__Raw data__.
-- Opening Marker --

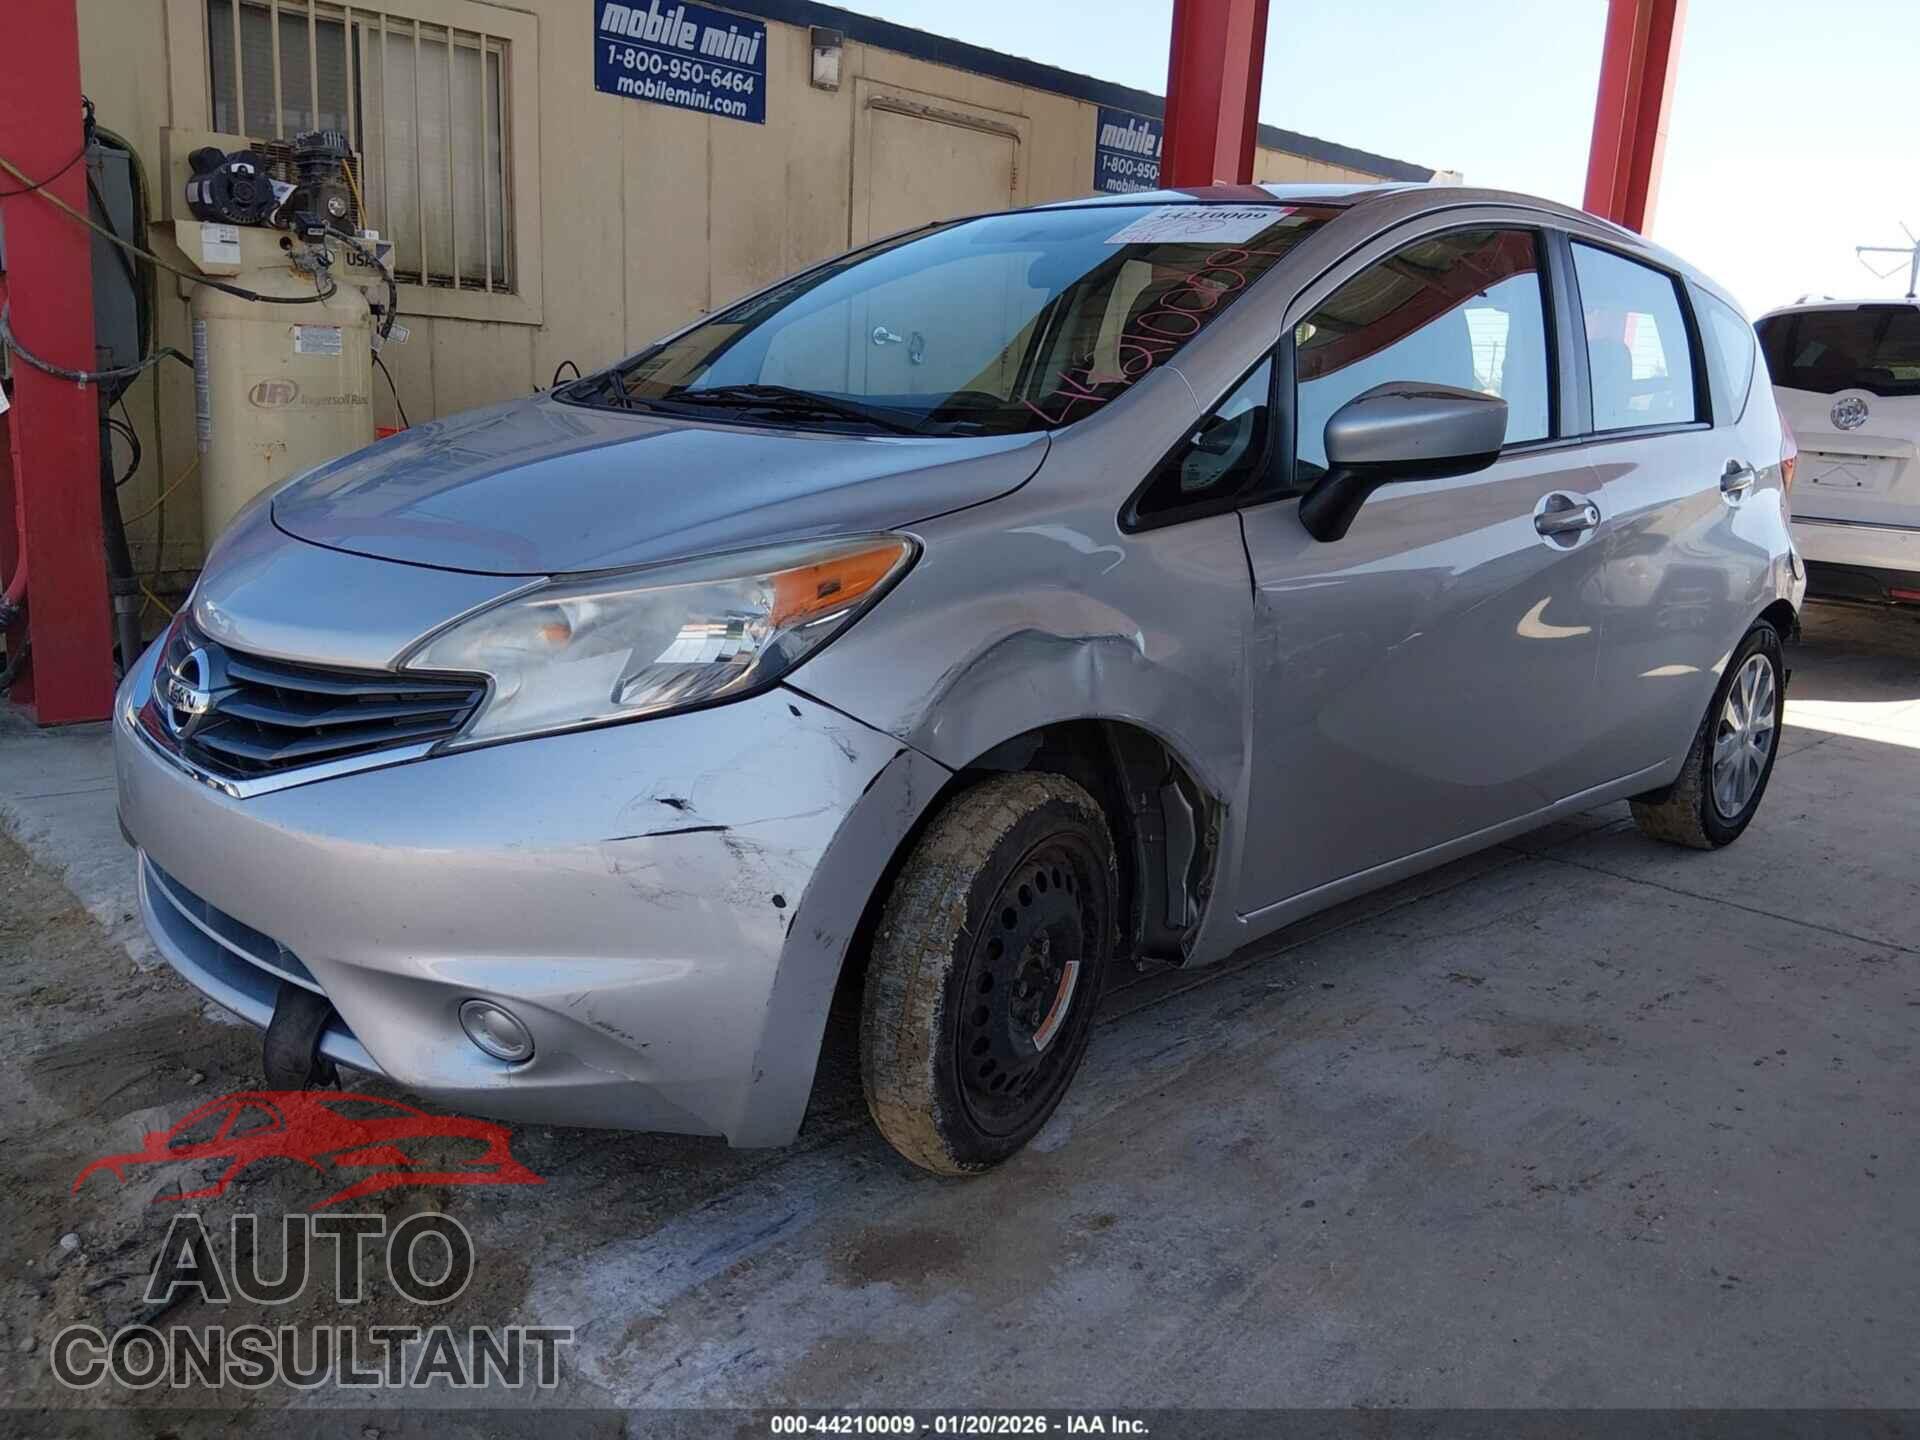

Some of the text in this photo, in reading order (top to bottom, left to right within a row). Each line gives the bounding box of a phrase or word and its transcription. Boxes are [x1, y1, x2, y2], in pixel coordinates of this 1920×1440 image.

[600, 0, 762, 65] mobile mini
[608, 45, 754, 94] 1-800-950-6464
[616, 76, 747, 117] mobilemini.com
[1099, 118, 1156, 155] mobile
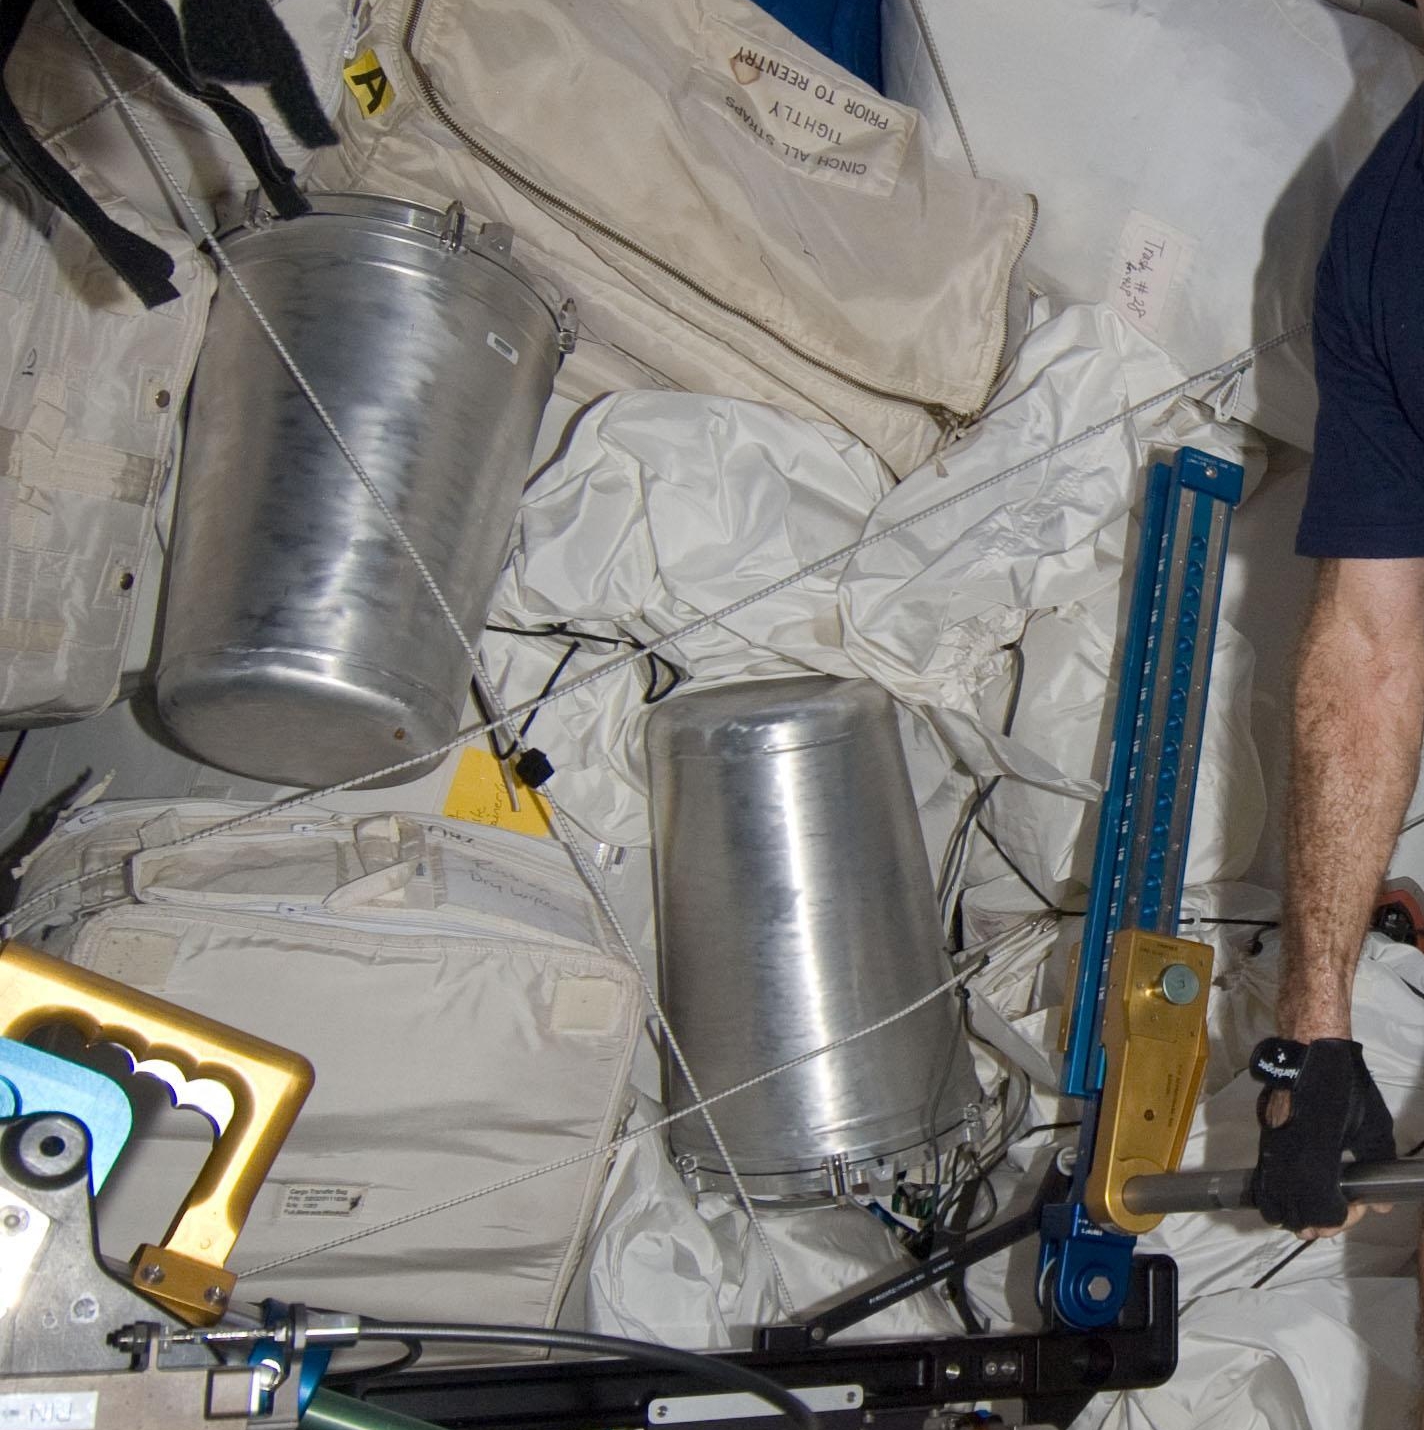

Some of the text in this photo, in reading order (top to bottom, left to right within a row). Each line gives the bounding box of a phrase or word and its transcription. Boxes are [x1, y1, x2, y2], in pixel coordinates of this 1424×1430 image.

[351, 66, 388, 115] A
[734, 46, 890, 131] PRIOR TO REENTRY
[725, 95, 868, 176] CINCH ALL STRAPS
[768, 100, 842, 146] TIGHTLY
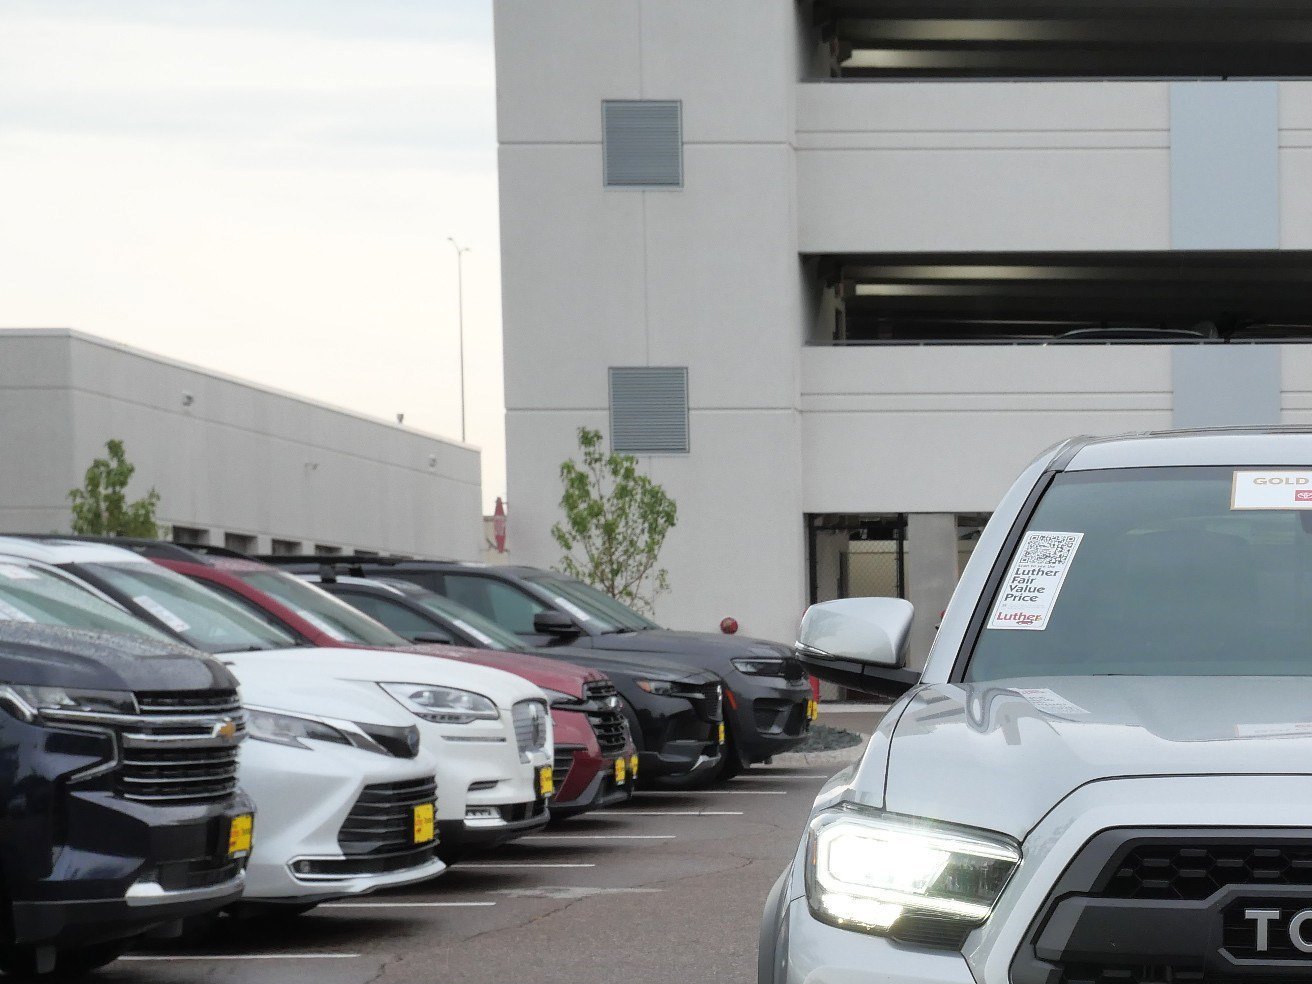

-- Closing Marker --

__Action item__.
Print all the lines above exactly as they are, but without the pictures.

__Reply__.
Some of the text in this photo, in reading order (top to bottom, left to right within a row). Each line gives the bounding box of a phrase or word and its transcription. Boxes are [x1, y1, x2, y2], in pixel coordinates of this 1920×1440 image.

[600, 0, 762, 65] mobile mini
[608, 45, 754, 94] 1-800-950-6464
[616, 76, 747, 117] mobilemini.com
[1099, 118, 1156, 155] mobile

Some of the text in this photo, in reading order (top to bottom, left to right within a row). Each line gives the bounding box of a phrase or word and its transcription. Boxes are [x1, y1, x2, y2], in pixel coordinates of this 1424×1430 image.

[351, 66, 388, 115] A
[734, 46, 890, 131] PRIOR TO REENTRY
[725, 95, 868, 176] CINCH ALL STRAPS
[768, 100, 842, 146] TIGHTLY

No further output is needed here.